Jannie du Plessis, Adriaan Strauss and Coenie Oosthuizen are bound to be the starting front row and Wiehahn Herbst is in line for his Test debut as reserve tighthead, with Chiliboy Ralepelle and Tendai Mtawarira the other reserves now that teams are compelled to have two props on the bench.

Bismarck du Plessis is in a similar position to Kirchner and should not be risked as he has not played a SuperRugby match the entire season. A run of three games for the Sharks after the June international window and Du Plessis should be ready to explode into Rugby Championship action having recovered properly from a serious knee injury.

Ralepelle will certainly not let the side down in the meantime, having shown accuracy at the lineout, great work rate and presence at the breakdowns for the Bulls this season.

What Meyer is not going to be conned into doing is playing flavours-of-the-month that may not be contenders for the next World Cup that is just 840 days away, no matter how vigorously their brilliance is debated in your local bar.

No more than a pair of new caps in Serfontein and Le Roux are worth betting on, but it should make fans happy that the Springbok coach can afford not to choose some of the other great talent laying around.

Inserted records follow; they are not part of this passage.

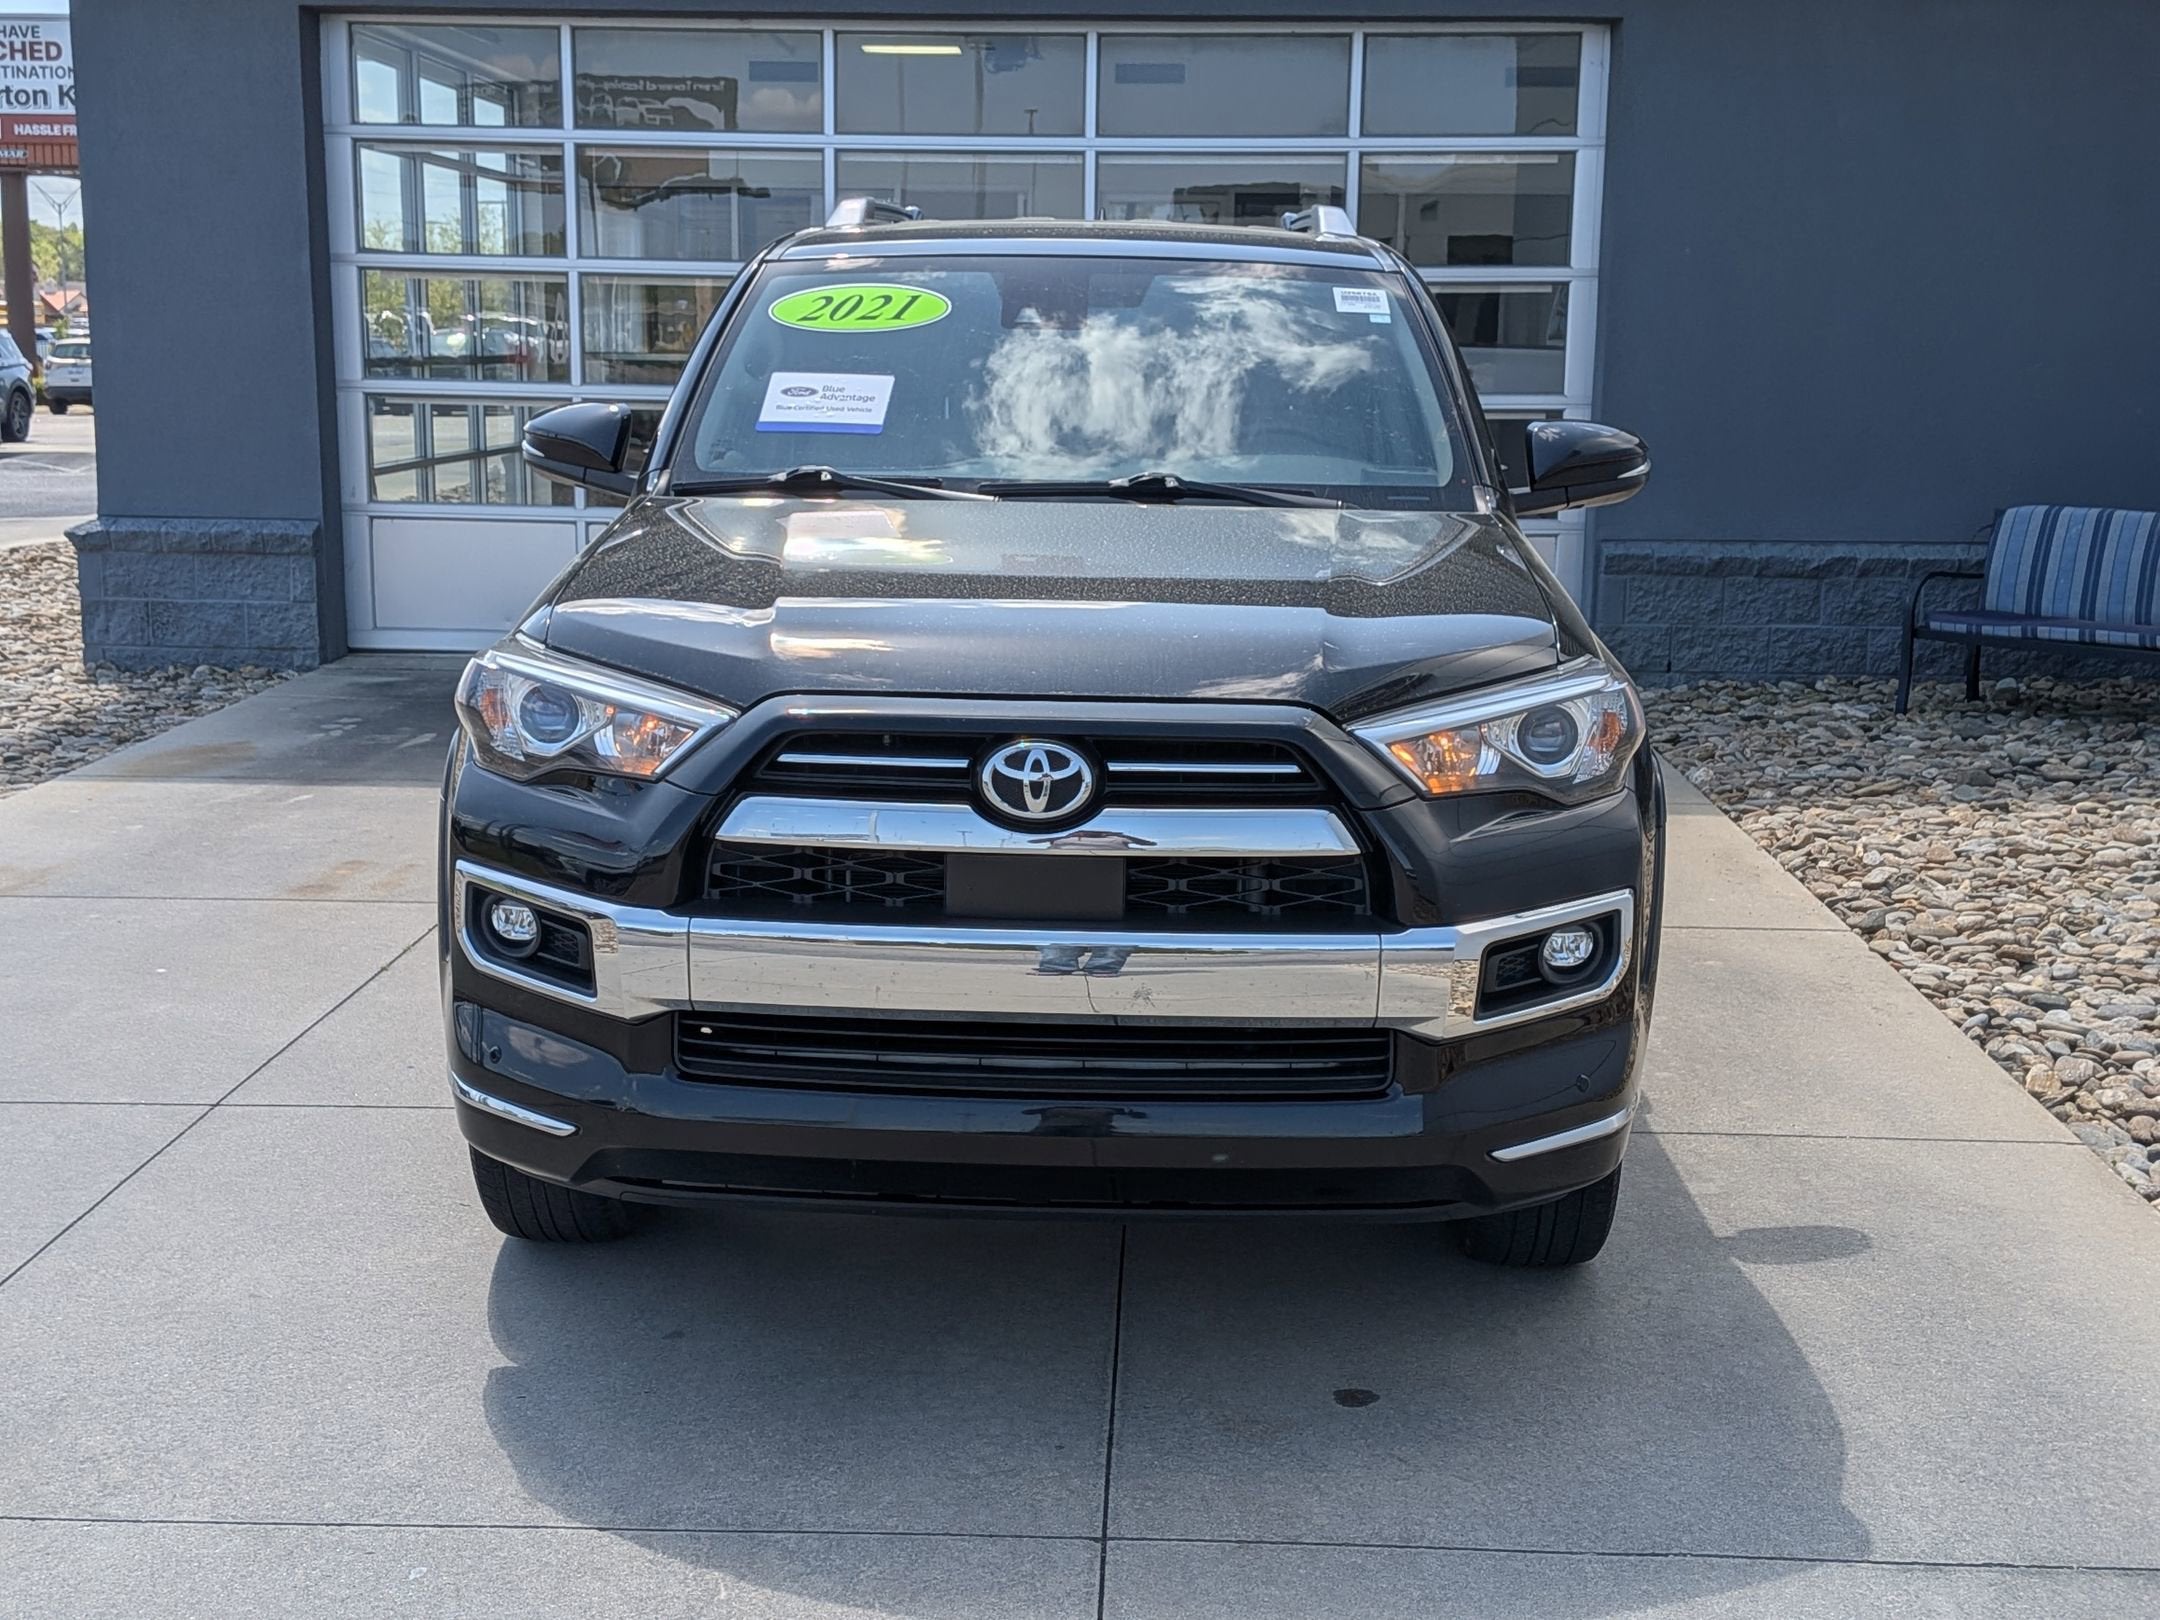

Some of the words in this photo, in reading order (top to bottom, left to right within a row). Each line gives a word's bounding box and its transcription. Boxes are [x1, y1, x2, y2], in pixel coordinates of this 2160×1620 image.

[14, 124, 61, 136] HASSLE
[796, 294, 922, 322] 2021
[785, 387, 814, 397] Ford
[822, 385, 846, 393] Blue
[820, 393, 876, 403] Advantage

Probable squad – Pat Lambie, Willie le Roux, Bryan Habana, Lwazi Mvovo, Jean de Villiers, JJ Engelbrecht, Jan Serfontein, Robert Ebersohn, Francois Hougaard, Bjorn Basson, Morné Steyn, Ruan Pienaar, Jano Vermaak, Pierre Spies, Arno Botha, Willem Alberts, Lappies Labuschagne, Francois Louw, Marcell Coetzee, Juandré Kruger, Franco van der Merwe, Eben Etzebeth, Pieter-Steph du Toit, Flip van der Merwe, Jannie du Plessis, Wiehahn Herbst, Adriaan Strauss, Chiliboy Ralepelle, Coenie Oosthuizen, Tendai Mtawarira.